[Nix-dev] 32bit on 64bit Nix

Tim Hawes tim at easyfreeunix.com
Wed Jul 30 00:21:11 CEST 2014


The list was dropped in the send to by mistake, so leaving the entire message
that was transferred just between Mateusz and I for posterity.

Adding the following:
{ allowUnfree = true; }
to root's ~/.nixpkgs/config.nix and running nix-env -qa|grep skype
reveals skype in repository.

Running nix-env -qaP|grep teamspeak reveals:
nixos.pkgs.teamspeak_client  teamspeak-client-3.0.13.1

so the attribute is listed on the left, and is what needs to be added to
configuration.nix to be included in the build.

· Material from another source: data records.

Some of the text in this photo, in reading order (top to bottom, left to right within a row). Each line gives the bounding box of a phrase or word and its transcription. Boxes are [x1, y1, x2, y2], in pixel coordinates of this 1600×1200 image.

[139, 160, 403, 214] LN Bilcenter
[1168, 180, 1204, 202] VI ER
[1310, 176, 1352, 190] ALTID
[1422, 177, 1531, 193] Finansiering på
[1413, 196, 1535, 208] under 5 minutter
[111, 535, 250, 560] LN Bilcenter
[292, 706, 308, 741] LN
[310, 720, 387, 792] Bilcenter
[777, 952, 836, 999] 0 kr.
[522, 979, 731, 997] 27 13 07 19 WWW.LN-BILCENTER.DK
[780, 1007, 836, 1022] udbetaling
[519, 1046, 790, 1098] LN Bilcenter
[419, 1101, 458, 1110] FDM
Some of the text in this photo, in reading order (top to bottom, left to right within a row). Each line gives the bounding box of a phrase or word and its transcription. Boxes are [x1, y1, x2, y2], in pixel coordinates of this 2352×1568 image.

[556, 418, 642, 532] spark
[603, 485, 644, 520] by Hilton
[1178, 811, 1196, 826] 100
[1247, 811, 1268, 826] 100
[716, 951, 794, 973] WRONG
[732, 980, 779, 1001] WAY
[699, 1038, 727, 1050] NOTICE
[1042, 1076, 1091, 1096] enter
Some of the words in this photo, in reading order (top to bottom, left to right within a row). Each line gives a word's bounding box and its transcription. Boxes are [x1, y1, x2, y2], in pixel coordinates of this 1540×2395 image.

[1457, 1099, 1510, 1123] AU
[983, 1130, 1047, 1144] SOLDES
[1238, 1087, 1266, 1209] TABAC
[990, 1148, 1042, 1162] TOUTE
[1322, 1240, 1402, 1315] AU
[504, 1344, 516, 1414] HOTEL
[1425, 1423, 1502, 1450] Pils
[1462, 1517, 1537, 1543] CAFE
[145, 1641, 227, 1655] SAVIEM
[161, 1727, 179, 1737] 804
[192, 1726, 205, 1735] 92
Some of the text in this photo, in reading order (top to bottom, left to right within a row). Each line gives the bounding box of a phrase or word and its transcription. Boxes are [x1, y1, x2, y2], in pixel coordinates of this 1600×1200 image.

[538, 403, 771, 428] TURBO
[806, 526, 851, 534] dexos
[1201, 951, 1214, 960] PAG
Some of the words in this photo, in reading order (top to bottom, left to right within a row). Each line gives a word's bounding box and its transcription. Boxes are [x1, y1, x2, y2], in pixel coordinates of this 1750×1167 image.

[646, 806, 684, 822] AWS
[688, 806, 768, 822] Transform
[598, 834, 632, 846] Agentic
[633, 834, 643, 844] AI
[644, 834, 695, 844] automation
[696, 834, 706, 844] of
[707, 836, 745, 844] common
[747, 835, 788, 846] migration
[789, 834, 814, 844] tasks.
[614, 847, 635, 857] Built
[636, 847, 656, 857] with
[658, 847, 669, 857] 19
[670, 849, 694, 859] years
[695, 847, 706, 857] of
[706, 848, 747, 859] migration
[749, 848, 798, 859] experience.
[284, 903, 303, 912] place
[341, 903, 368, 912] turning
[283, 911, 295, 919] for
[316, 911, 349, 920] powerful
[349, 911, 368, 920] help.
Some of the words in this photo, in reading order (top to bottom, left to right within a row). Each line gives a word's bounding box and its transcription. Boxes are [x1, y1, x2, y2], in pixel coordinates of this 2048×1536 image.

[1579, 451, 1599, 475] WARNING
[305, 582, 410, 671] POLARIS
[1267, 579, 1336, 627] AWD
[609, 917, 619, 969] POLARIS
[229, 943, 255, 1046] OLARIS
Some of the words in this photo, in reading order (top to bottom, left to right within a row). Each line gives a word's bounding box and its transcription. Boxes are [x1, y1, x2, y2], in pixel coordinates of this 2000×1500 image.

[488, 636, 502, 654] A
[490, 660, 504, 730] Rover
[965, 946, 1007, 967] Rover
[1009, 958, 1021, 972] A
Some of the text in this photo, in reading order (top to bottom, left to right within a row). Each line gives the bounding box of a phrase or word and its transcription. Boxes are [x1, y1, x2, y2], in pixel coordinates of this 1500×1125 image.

I am getting that zen feeling, now. Thanks Mateusz!

Mateusz Kowalczyk writes:

> On 07/29/2014 11:27 PM, Tim Hawes wrote:
>> 
>> Mateusz Kowalczyk writes:
>> 
>>> On 07/29/2014 05:26 PM, Tim Hawes wrote:
>>>> Thank you all for your replies!
>>>>
>>>> I am trying to keep the desktop version of my NixOS at stable 14.04
>>>> only, as much as possible. 
>>>
>>> Is there a reason?
>> 
>> Same reason why I'd stay away from Fedora and SuSE, and stick with
>> either Debian Stable, Ubuntu LTS, or CentOS. When I pick up my laptop, I
>> want it to just work. It's the tool I use to muck everything else up. ;)
>
> The nixos-unstable channel doesn't get updated until certain tests pass
> so you never really end up with a ‘broken’ system and you can roll back
> if you don't like something anyway. Each to their own.
>
>>>> Skype is not in the stable repositories,
>>>> however, when I put Skype in the configuration.nix, it installs it with
>>>> dependencies. I also noticed that some packages that are available to
>>>> install via nix-env are not available when you add them to the
>>>> configuration.nix. 
>>>> The manual gives me the impression that any package
>>>> available with nix-env could be added to the configuration.nix, and
>>>> vice-versa. Can some one explain the part I am missing?
>>>
>>> Perhaps your user and your system are using different nixpkgs. If you
>>> are not specifying nixpkgs by hand, I'd check what your channels are at.
>>> Might want to run nixos-version.
>> 
>> Would my system use something else other than root user, out of the box?
>
> No, I don't think so. Where is your assertion that skype is not in
> stable repositories coming from? Did you try to ‘nix-env -iA skype’?
> Perhaps you don't have allowUnfree set so nix-env -i doesn't see it.
>
>> [root at nixos:~]# nix-channel --list
>> nixos https://nixos.org/channels/nixos-14.04
>> 
>> [root at nixos:~]# nixos-version
>> 14.04.376.f6ad69a (Baboon)
>> 
>> [root at nixos:~]#
>> 
>>> Another thing to watch out for is that names taken by nix-env -i are
>>> sometimes not the same as those you need to put in configuration.nix:
>>> configuration.nix takes attribute names. It does not matter here however
>>> because it seems it's just ‘skype’ for both in this scenario.
>> 
>> How would I get a list of attribute names I can use with configuration.nix?
>
> Add -P flag to your nix-env queries. For example nix-env -qaP would list
> all visible packages and the attribute names.
>
>> 
>>>> Also, is there a script or configuration parameter that will sym-link
>>>> essential UNIX utilities under /run/current-system/sw/bin to /bin (like
>>>> sed, awk, grep, etc.)? This would be required by any third party shell
>>>> scripts, or scripts written for a mixed OS environment (Solaris, AIX,
>>>> and Linux).
>>>
>>> Not that I know of. It is better if you package up such scripts which
>>> would ensure such scripts always work on your system. There are things
>>> to make this easier such as the ‘patchShebangs’ tool available during
>>> packaging.
>> 
>> I'll have to take a look at the patchShebangs tool, then.
>> 
>> Thanks, again!
>> 
>
> You should have replied on the nix-dev list so that others can benefit
> from the conversation. Please forward this reply there unless there is a
> specific reason why you replied to me directly instead to the list.